▶ **TASK DIRECTIONS**
Find and return every line of the data that contains the word "STATISTICS".

[GIVEN ENTRIES — start]

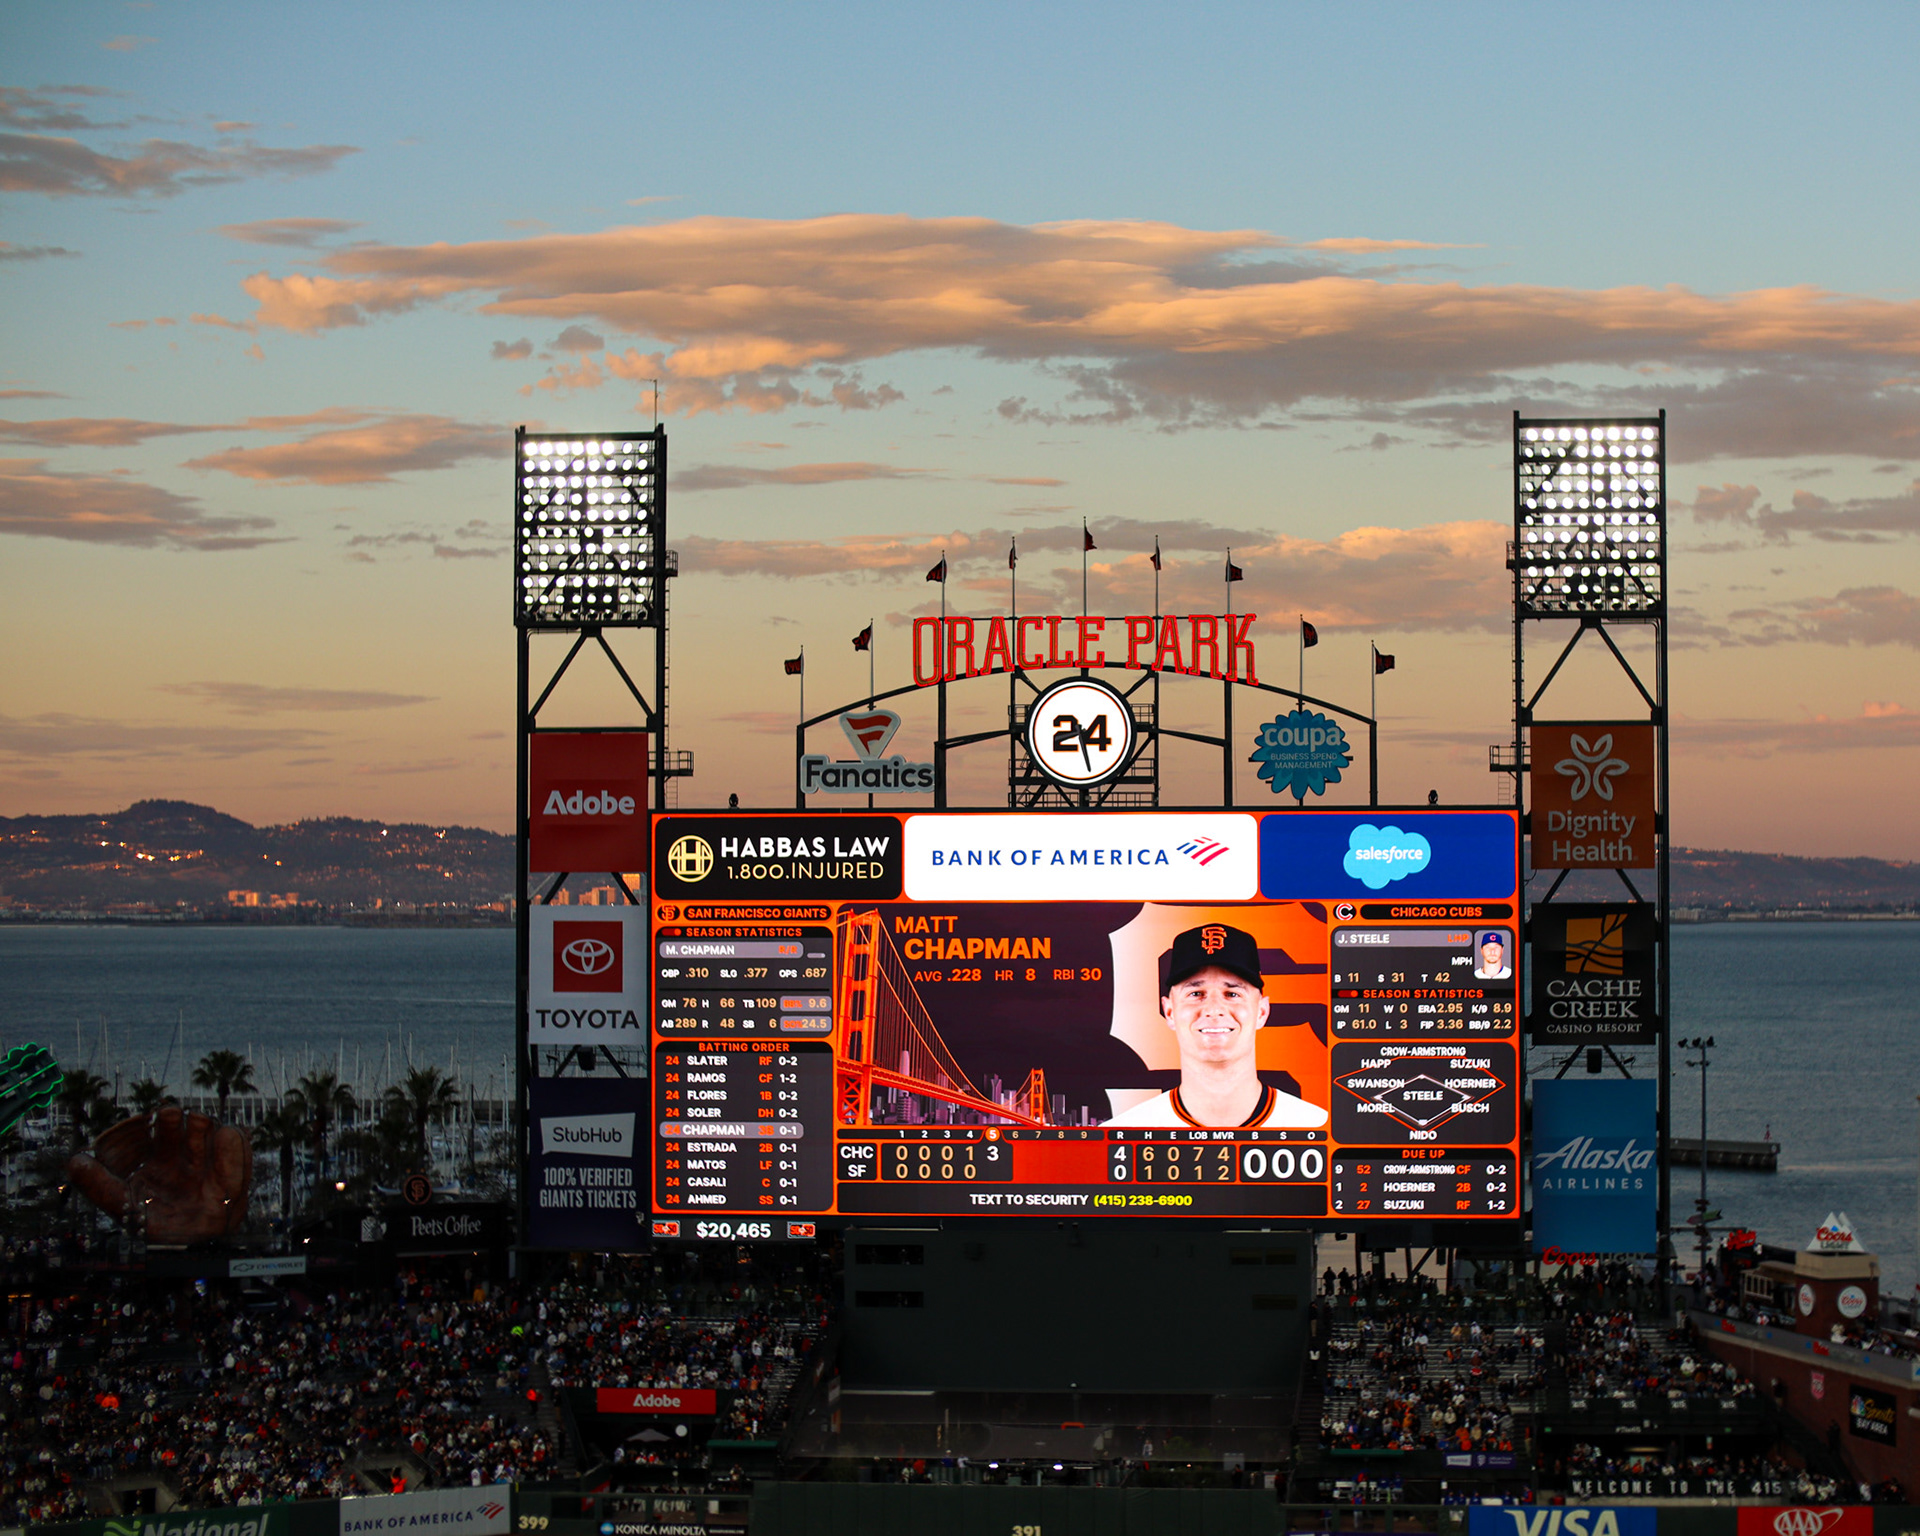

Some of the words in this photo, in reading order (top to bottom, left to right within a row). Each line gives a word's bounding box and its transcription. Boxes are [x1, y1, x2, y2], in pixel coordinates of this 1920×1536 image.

[913, 615, 1105, 686] ORACLE
[1125, 614, 1259, 686] PARK
[1053, 714, 1112, 753] 24
[1264, 727, 1341, 752] coupa
[1270, 753, 1309, 761] BUSINESS
[1311, 753, 1338, 761] SPEND
[1275, 761, 1332, 769] MANAGEMENT
[806, 760, 933, 788] Fanatics
[543, 790, 636, 815] Adobe
[1548, 809, 1636, 839] Dignity
[721, 837, 826, 858] HABBAS
[834, 837, 889, 857] LAW
[1553, 839, 1633, 862] Health
[932, 850, 1002, 866] BANK
[1011, 850, 1042, 866] OF
[1050, 849, 1169, 866] AMERICA
[1356, 846, 1423, 863] salesforce
[727, 862, 884, 880] 1.800.INJURED
[687, 908, 712, 919] SAN
[714, 908, 781, 919] FRANCISCO
[783, 908, 828, 919] GIANTS
[1391, 907, 1447, 917] CHICAGO
[1450, 907, 1482, 917] CUBS
[895, 916, 958, 934] MATT
[686, 928, 732, 937] SEASON
[735, 928, 802, 937] STATISTICS
[1350, 934, 1390, 944] STEELE
[1447, 934, 1469, 943] LHP
[681, 945, 735, 955] CHAPMAN
[904, 938, 1051, 960] CHAPMAN
[1452, 957, 1472, 966] MPH
[661, 969, 680, 978] OBP
[685, 967, 709, 978] .310
[720, 969, 738, 978] SLG
[744, 967, 768, 978] .377
[779, 969, 798, 978] OPS
[802, 967, 827, 978] .687
[914, 971, 942, 982] AVG
[947, 969, 982, 982] .228
[995, 970, 1013, 981] HR
[1025, 968, 1036, 981] 8
[1053, 969, 1074, 980] RBI
[1080, 968, 1102, 981] 30
[1434, 972, 1450, 982] 42
[1363, 990, 1410, 998] SEASON
[1414, 990, 1484, 998] STATISTICS
[1547, 979, 1642, 998] CACHE
[682, 998, 697, 1008] 76
[719, 998, 735, 1008] 66
[756, 998, 777, 1008] 109
[1437, 1003, 1463, 1013] 2.95
[1549, 1001, 1639, 1018] CREEK
[536, 1009, 640, 1029] TOYOTA
[675, 1018, 697, 1029] 289
[719, 1018, 735, 1029] 48
[802, 1019, 827, 1029] 24.5
[1352, 1019, 1377, 1029] 61.0
[1436, 1019, 1464, 1029] 3.36
[1547, 1024, 1592, 1034] CASINO
[1597, 1023, 1642, 1033] RESORT
[699, 1043, 748, 1052] BATTING
[752, 1043, 790, 1052] ORDER
[1380, 1047, 1466, 1056] CROW-ARMSTRONG
[687, 1056, 728, 1066] SLATER
[1361, 1059, 1391, 1068] HAPP
[1450, 1059, 1490, 1068] SUZUKI
[687, 1073, 726, 1083] RAMOS
[1348, 1079, 1405, 1088] SWANSON
[1445, 1079, 1496, 1088] HOERNER
[687, 1091, 727, 1100] FLORES
[1403, 1091, 1443, 1101] STEELE
[687, 1108, 722, 1118] SOLER
[1357, 1103, 1395, 1113] MOREL
[1451, 1103, 1489, 1113] BUSCH
[553, 1126, 622, 1143] StubHub
[682, 1125, 745, 1135] CHAPMAN
[1409, 1131, 1437, 1140] NIDO
[687, 1143, 737, 1153] ESTRADA
[840, 1146, 874, 1159] CHC
[896, 1146, 908, 1161] 0
[918, 1146, 931, 1161] 0
[941, 1146, 953, 1161] 0
[965, 1146, 974, 1161] 1
[987, 1146, 999, 1161] 3
[1113, 1146, 1127, 1162] 4
[1142, 1146, 1154, 1162] 6
[1167, 1146, 1180, 1162] 0
[1193, 1146, 1204, 1162] 7
[1217, 1146, 1230, 1162] 4
[1402, 1150, 1425, 1158] DUE
[1429, 1150, 1445, 1158] UP
[1535, 1136, 1655, 1174] Alaska
[687, 1160, 727, 1170] MATOS
[1243, 1148, 1267, 1179] 0
[1271, 1148, 1295, 1179] 0
[1300, 1148, 1323, 1179] 0
[848, 1164, 867, 1177] SF
[896, 1164, 908, 1179] 0
[918, 1164, 931, 1179] 0
[941, 1164, 953, 1179] 0
[964, 1164, 976, 1179] 0
[1114, 1165, 1127, 1180] 0
[1144, 1165, 1152, 1180] 1
[1167, 1165, 1180, 1180] 0
[1194, 1165, 1202, 1180] 1
[1218, 1165, 1230, 1180] 2
[1383, 1165, 1455, 1174] CROW-ARMSTRONG
[544, 1167, 577, 1186] 100%
[579, 1167, 633, 1187] VERIFIED
[687, 1178, 726, 1187] CASALI
[761, 1178, 771, 1187] C
[1383, 1183, 1435, 1192] HOERNER
[1542, 1178, 1643, 1190] AIRLINES
[540, 1189, 584, 1208] GIANTS
[586, 1190, 637, 1208] TICKETS
[687, 1195, 727, 1204] AHMED
[970, 1194, 1003, 1205] TEXT
[1005, 1194, 1023, 1205] TO
[1025, 1194, 1088, 1205] SECURITY
[1094, 1195, 1126, 1207] (415)
[1129, 1195, 1192, 1206] 238-6900
[1383, 1200, 1424, 1209] SUZUKI
[410, 1215, 442, 1237] Peet's
[444, 1215, 482, 1237] Coffee
[696, 1221, 771, 1240] $20,465
[1816, 1227, 1853, 1242] Coors
[1542, 1245, 1597, 1266] Coors
[633, 1394, 681, 1407] Adobe
[1871, 1421, 1888, 1435] AREA
[1572, 1480, 1652, 1494] WELCOME
[1669, 1480, 1689, 1494] TO
[1706, 1480, 1736, 1494] THE
[1751, 1480, 1782, 1494] 415
[142, 1513, 269, 1536] National
[344, 1519, 383, 1532] BANK
[388, 1517, 405, 1529] OF
[409, 1511, 474, 1526] AMERICA
[518, 1515, 549, 1530] 399
[1503, 1510, 1621, 1536] VISA
[1779, 1511, 1819, 1536] AAA
[615, 1525, 658, 1536] KONICA
[659, 1526, 706, 1536] MINOLTA
[1011, 1525, 1042, 1536] 391
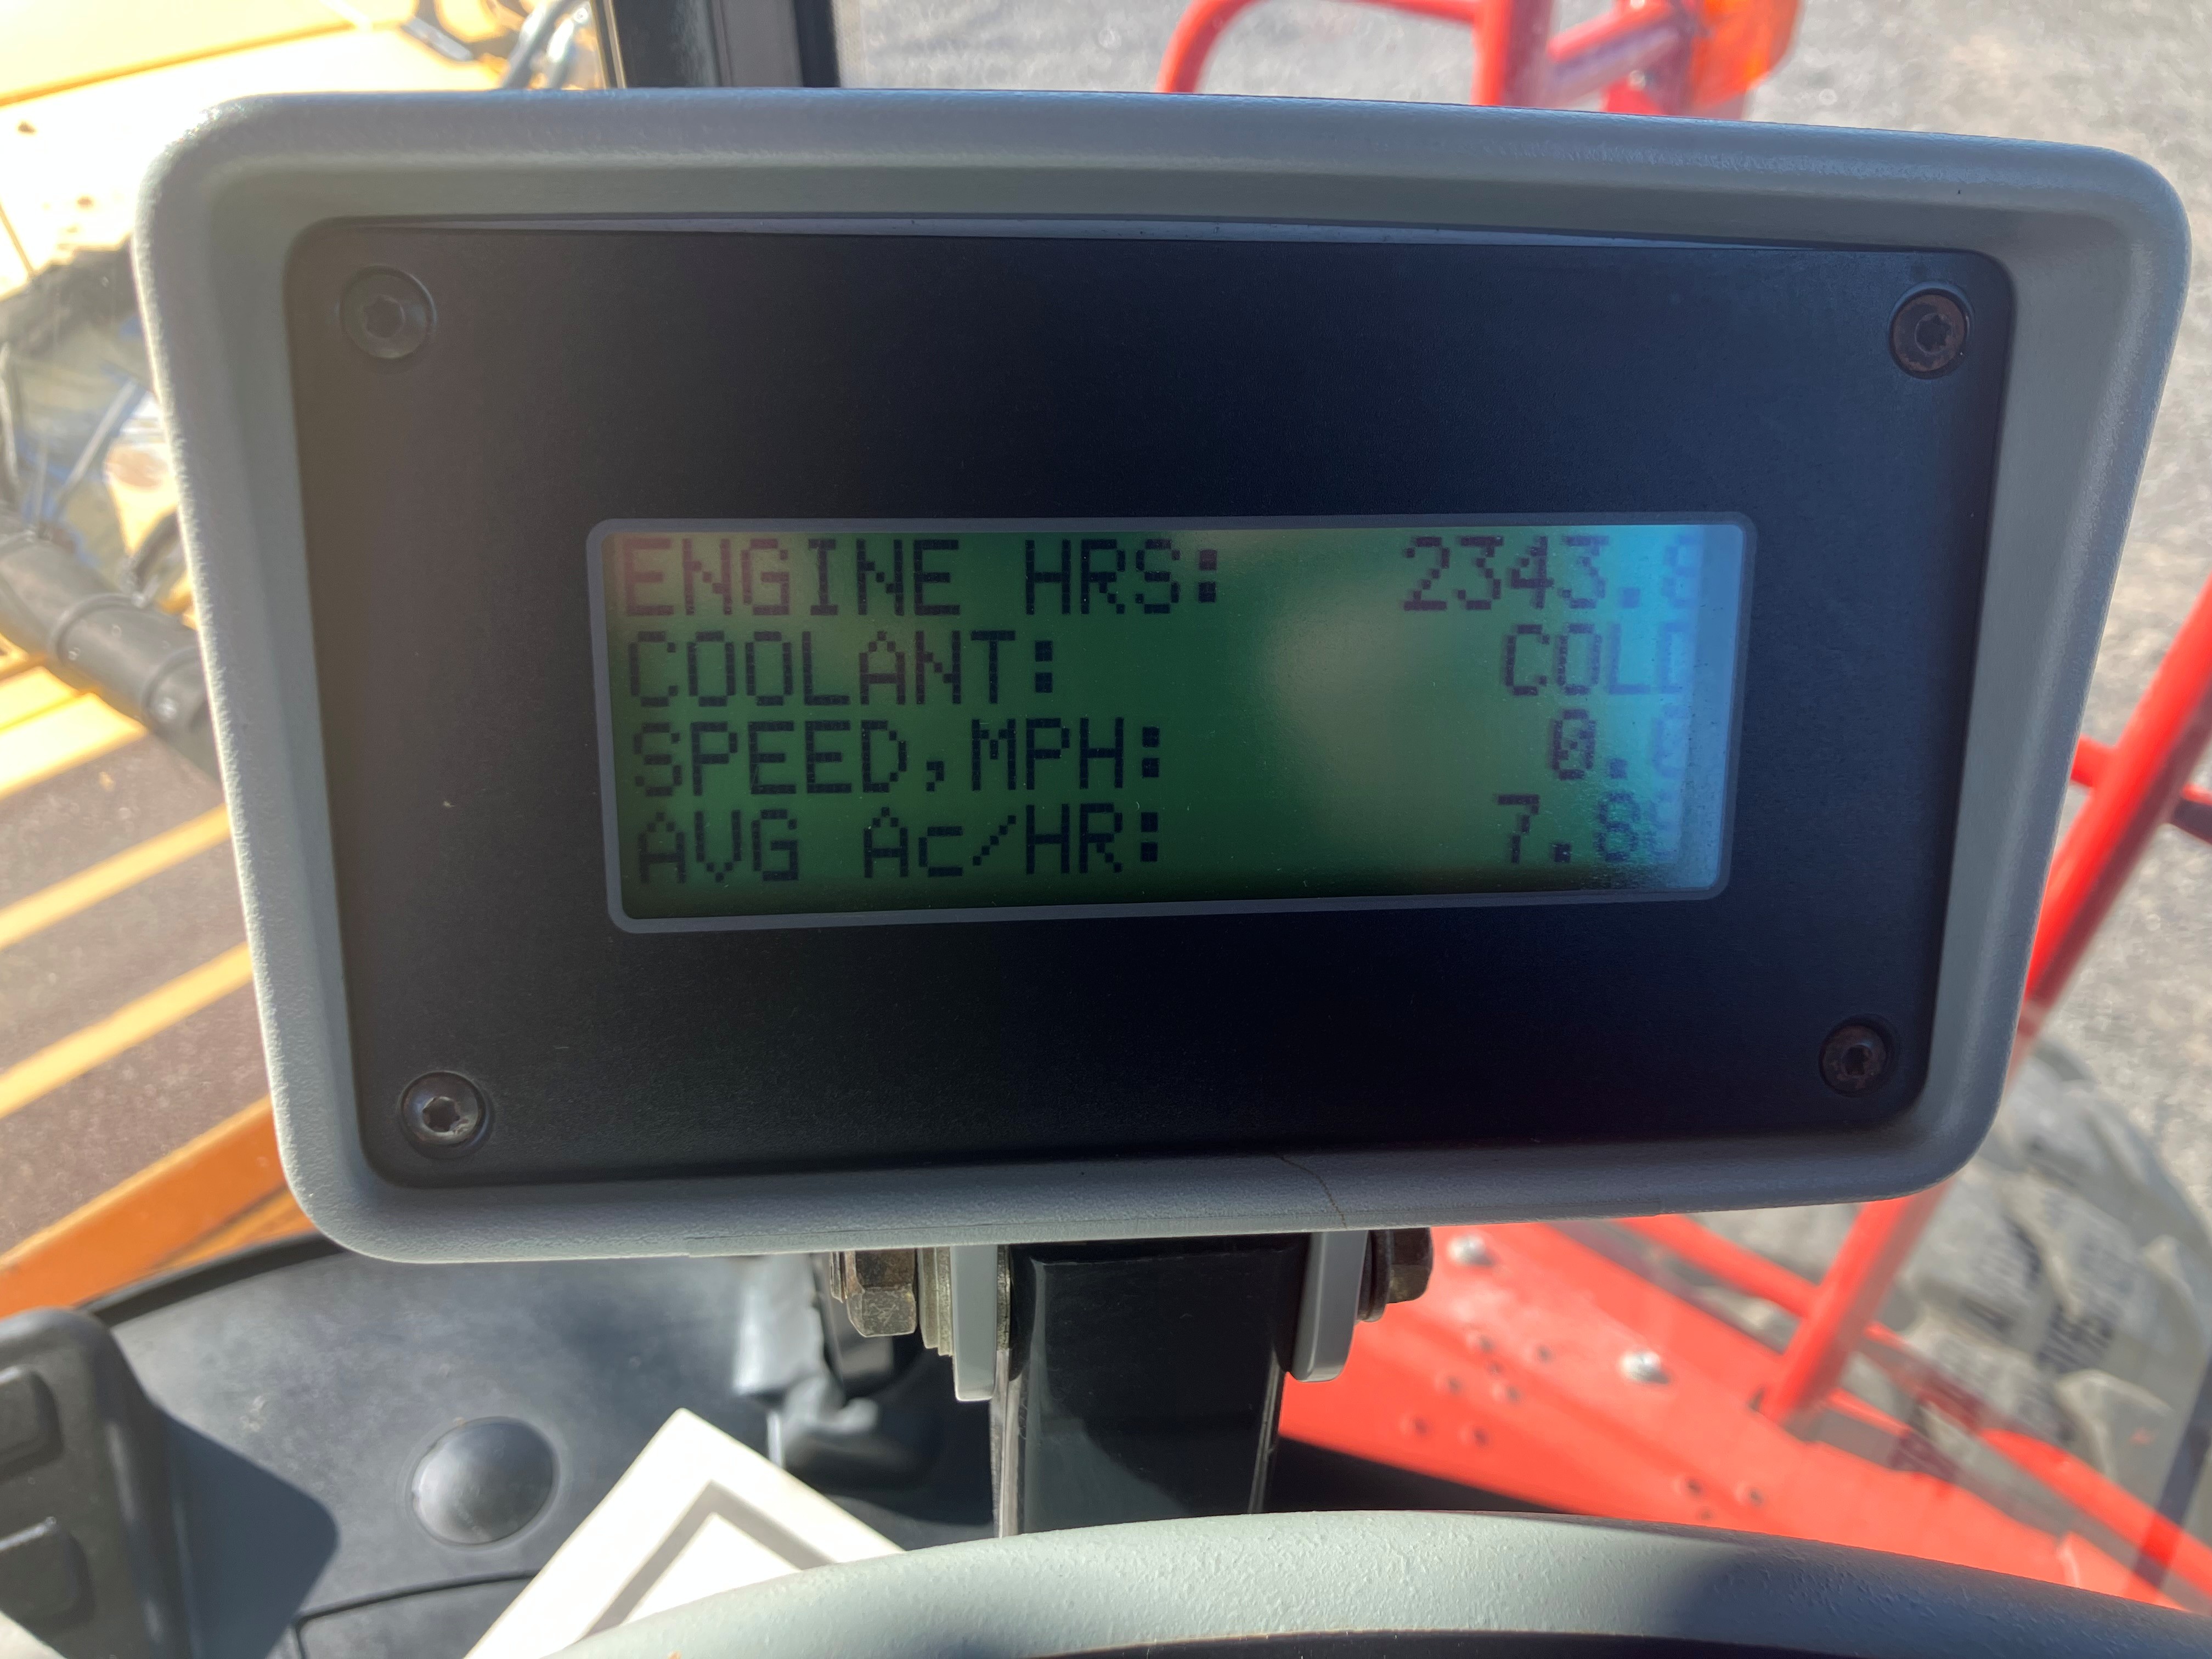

[GIVEN ENTRIES — finish]

▶ **EXERCISE RESPONSE**
[735, 928, 802, 937] STATISTICS
[1414, 990, 1484, 998] STATISTICS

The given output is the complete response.